A saúde pélvica da mulher madura tem recebido cada vez mais atenção, especialmente em uma abordagem que considera corpo, mente e comportamento. No climatério e na menopausa, oscilações hormonais intensas influenciam diretamente o bem-estar íntimo, um tema ainda cercado de tabus, apesar de afetar milhões de brasileiras.
A ginecologista Ana Carolina Romanini explica que a queda natural de estrogênio reduz o fluxo sanguíneo na pelve, provocando alterações importantes. “Durante o climatério e a menopausa, também pode ocorrer atrofia vulvovaginal, ressecamento, perda de elasticidade, dor na relação sexual e diminuição da libido”, afirmou à coluna.
A fisioterapeuta pélvica Laura Barrios reforça que o assoalho pélvico tem papel fundamental em todas as fases da vida. “Ele é responsável por sustentar órgãos como bexiga, útero e reto, participa do controle urinário e fecal e tem função central na sexualidade feminina. Por isso, o acompanhamento especializado é essencial.”
As especialistas esclarecem mitos e verdades comuns entre mulheres no climatério e na menopausa.
Estresse e alterações hormonais afetam a libido
Verdade. Oscilações hormonais e rotina estressante podem reduzir o desejo sexual. Avaliações periódicas ajudam a identificar causas e orientar tratamentos.
O desejo sexual sempre diminui na maturidade
Mito. Segundo o Manual de Atenção à Mulher no Climatério/Menopausa, do Ministério da Saúde, algumas mulheres relatam queda de libido, enquanto outras vivenciam maior liberdade e até aumento do desejo.
Exercícios pélvicos melhoram a incontinência urinária
Verdade. A fraqueza do assoalho pélvico está relacionada à incontinência urinária, fecal e disfunções sexuais. O fortalecimento muscular melhora diretamente a qualidade de vida.
A flacidez vaginal não tem tratamento
Mito. Perda de sensibilidade, dificuldade de orgasmo e sensação de afrouxamento podem indicar flacidez vaginal. Exercícios específicos e fisioterapia auxiliam na recuperação, sempre com orientação profissional.

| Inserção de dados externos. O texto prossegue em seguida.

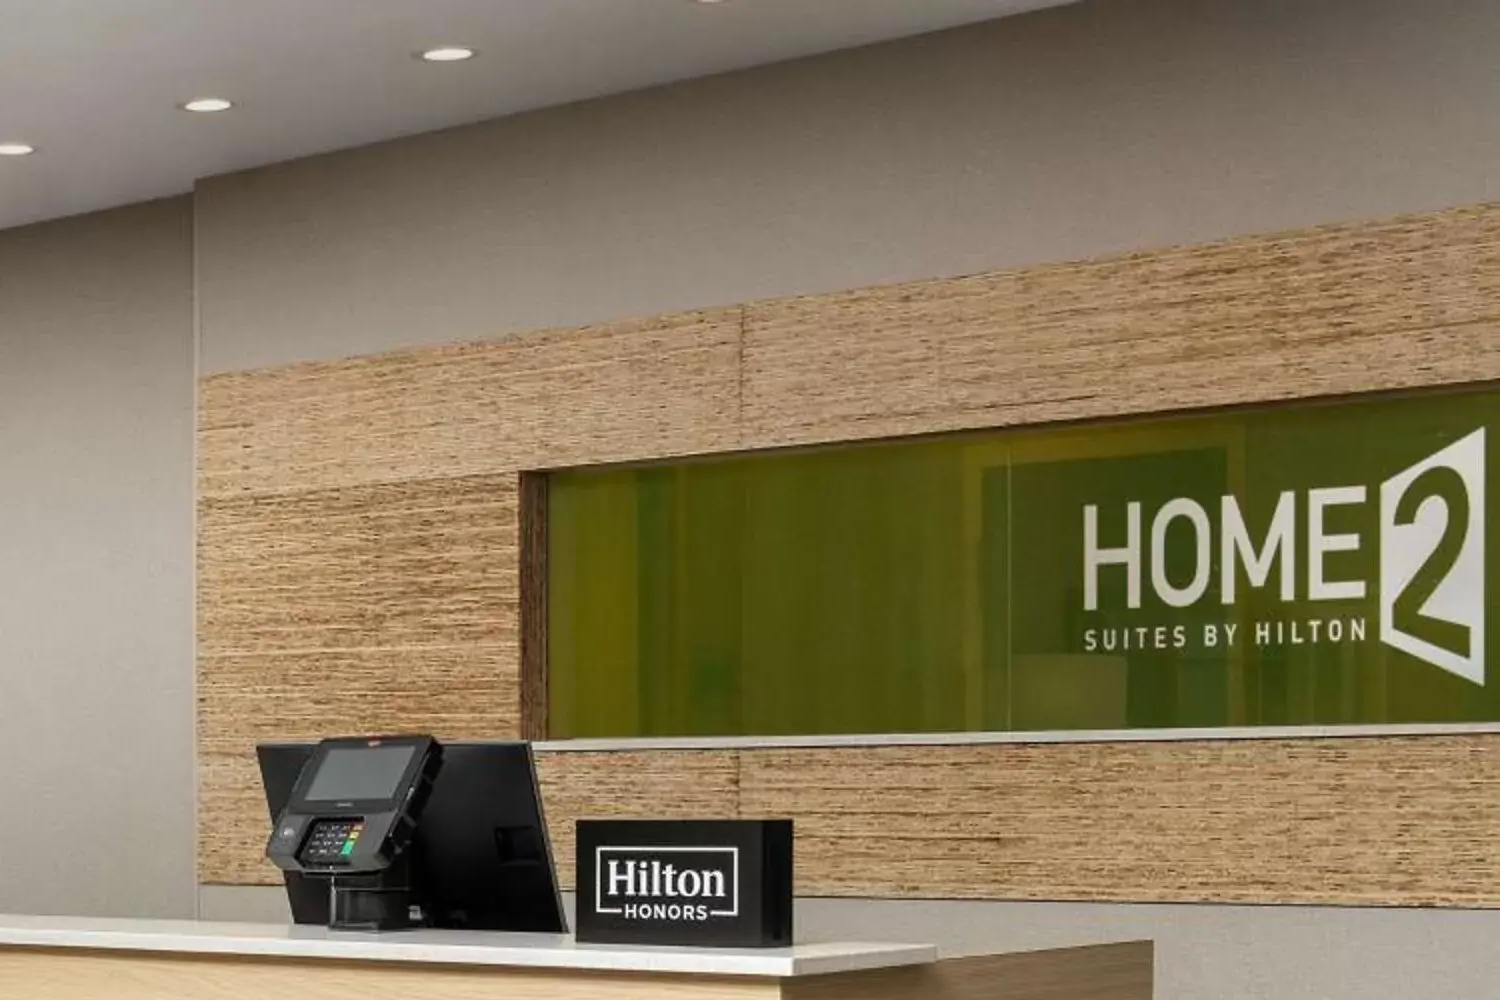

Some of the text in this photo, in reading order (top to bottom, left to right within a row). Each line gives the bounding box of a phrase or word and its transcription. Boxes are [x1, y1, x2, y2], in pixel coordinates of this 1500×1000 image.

Mulheres maduras precisam de lubrificantes ou hidratantes vaginais
Verdade. No climatério e, principalmente após a menopausa, a lubrificação tende a diminuir. O uso de lubrificantes ou hidratantes vaginais pode ajudar no conforto e na qualidade da relação sexual.
Com os cuidados adequados, é possível viver a maturidade com mais leveza, bem-estar e autoconfiança. “Na reta final do ano, vale a pena atualizar exames e começar 2026 com saúde equilibrada”, orienta a Dra. Ana Romanini.